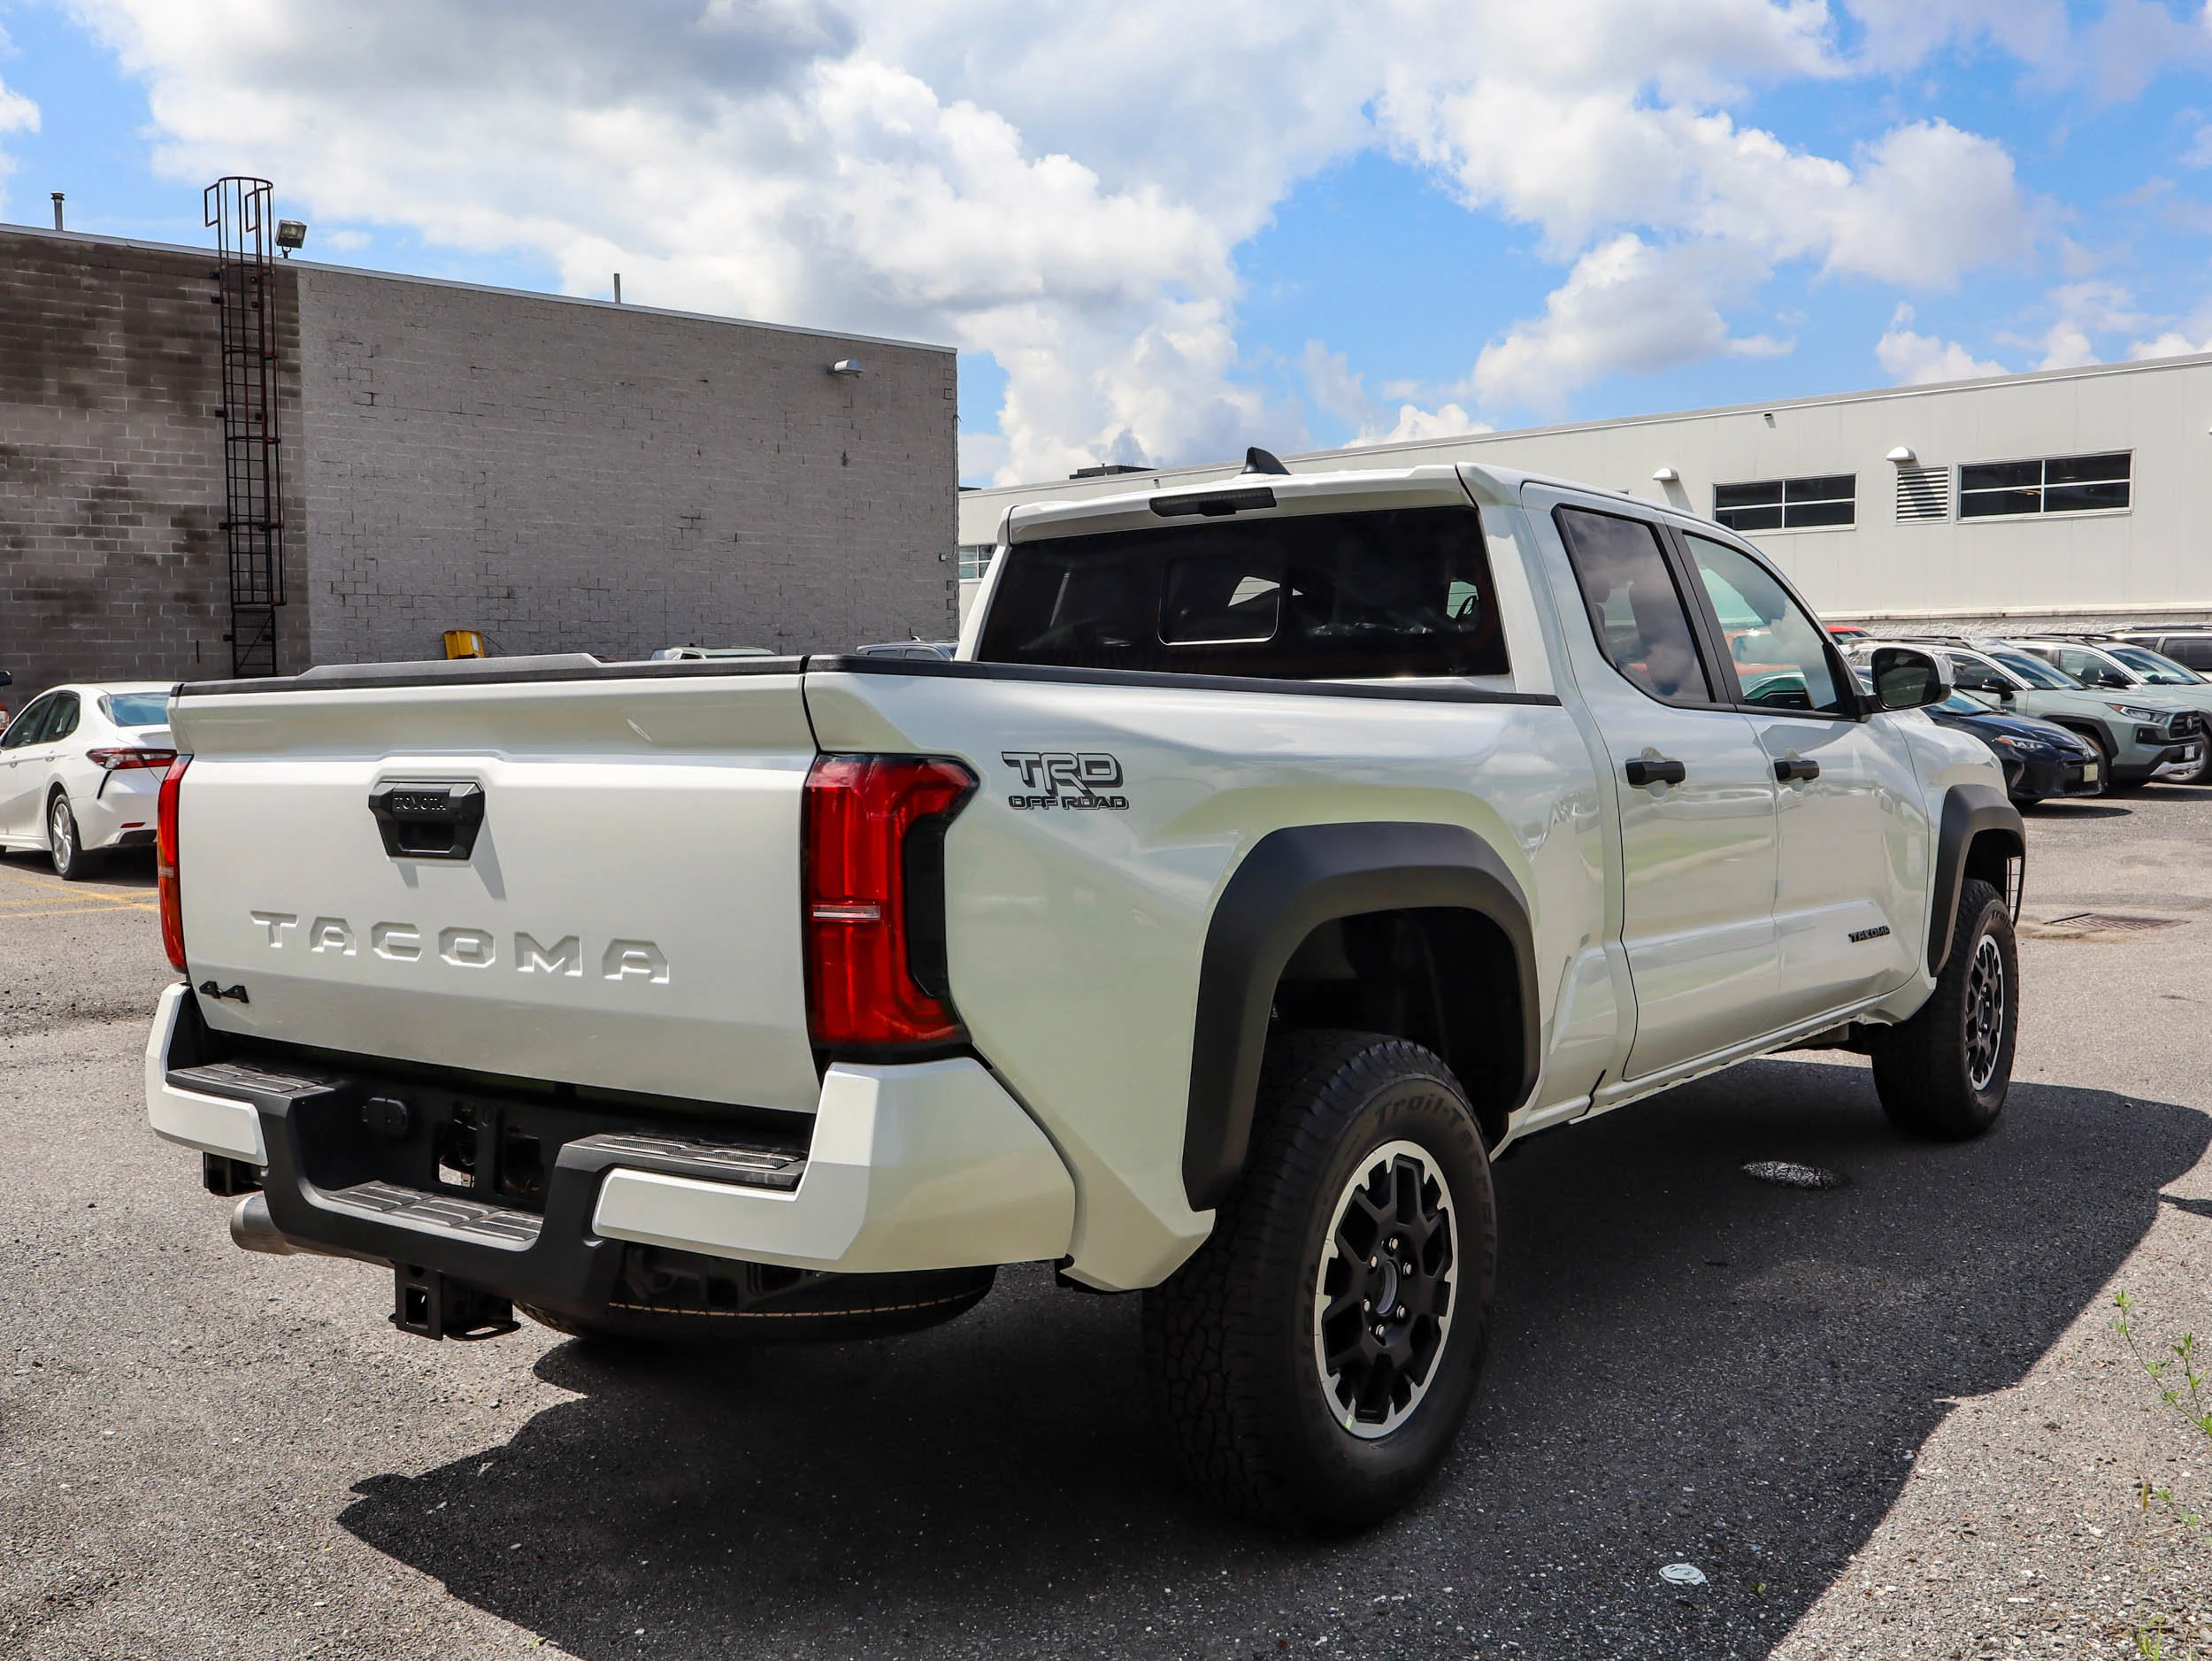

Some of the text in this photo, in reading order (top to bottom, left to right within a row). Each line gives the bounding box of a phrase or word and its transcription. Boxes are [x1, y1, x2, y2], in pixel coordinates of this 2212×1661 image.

[1001, 751, 1124, 796] TRD
[394, 795, 447, 811] TOYOTA
[1008, 796, 1130, 811] OFF ROAD
[1847, 925, 1891, 943] TACOMA
[250, 909, 671, 985] TACOMA
[199, 980, 250, 1004] 44

§ **Task instructions**
The response must match the listing exactly, except that pictures are removed.

§ **Your response**
Some of the text in this photo, in reading order (top to bottom, left to right within a row). Each line gives the bounding box of a phrase or word and its transcription. Boxes are [x1, y1, x2, y2], in pixel coordinates of this 2212×1661 image.

[1001, 751, 1124, 796] TRD
[394, 795, 447, 811] TOYOTA
[1008, 796, 1130, 811] OFF ROAD
[1847, 925, 1891, 943] TACOMA
[250, 909, 671, 985] TACOMA
[199, 980, 250, 1004] 44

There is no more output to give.